## Instructions to follow
Repeat the records below exactly as they appear, leaving out any pictures.

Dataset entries

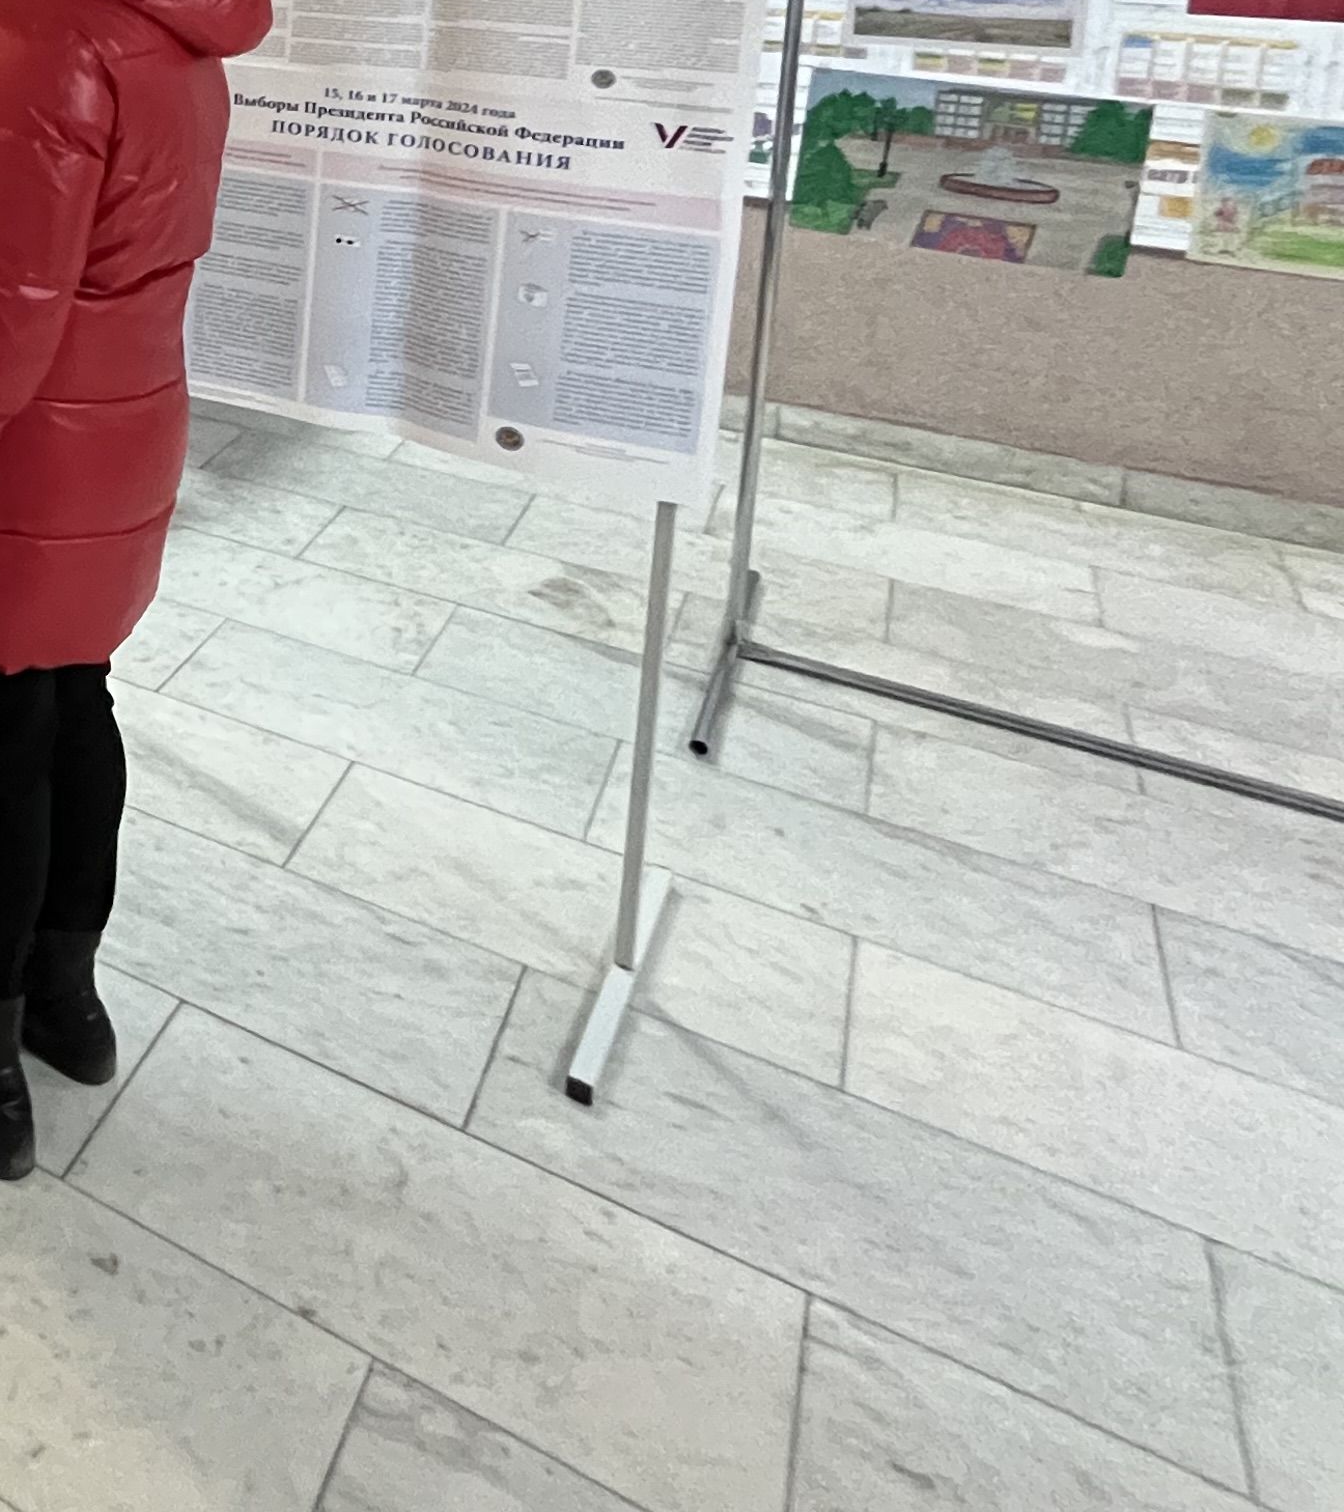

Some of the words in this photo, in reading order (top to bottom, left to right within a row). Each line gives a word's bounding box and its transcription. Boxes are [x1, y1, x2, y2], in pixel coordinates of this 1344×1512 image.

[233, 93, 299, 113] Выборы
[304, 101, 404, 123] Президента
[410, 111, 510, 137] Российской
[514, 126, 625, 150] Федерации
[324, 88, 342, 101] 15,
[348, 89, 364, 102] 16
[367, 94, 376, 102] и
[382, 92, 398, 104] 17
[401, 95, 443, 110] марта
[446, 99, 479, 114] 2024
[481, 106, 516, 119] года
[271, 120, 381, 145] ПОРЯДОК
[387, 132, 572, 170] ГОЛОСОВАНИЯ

## Solution for this exercise
Some of the words in this photo, in reading order (top to bottom, left to right within a row). Each line gives a word's bounding box and its transcription. Boxes are [x1, y1, x2, y2], in pixel coordinates of this 1344×1512 image.

[233, 93, 299, 113] Выборы
[304, 101, 404, 123] Президента
[410, 111, 510, 137] Российской
[514, 126, 625, 150] Федерации
[324, 88, 342, 101] 15,
[348, 89, 364, 102] 16
[367, 94, 376, 102] и
[382, 92, 398, 104] 17
[401, 95, 443, 110] марта
[446, 99, 479, 114] 2024
[481, 106, 516, 119] года
[271, 120, 381, 145] ПОРЯДОК
[387, 132, 572, 170] ГОЛОСОВАНИЯ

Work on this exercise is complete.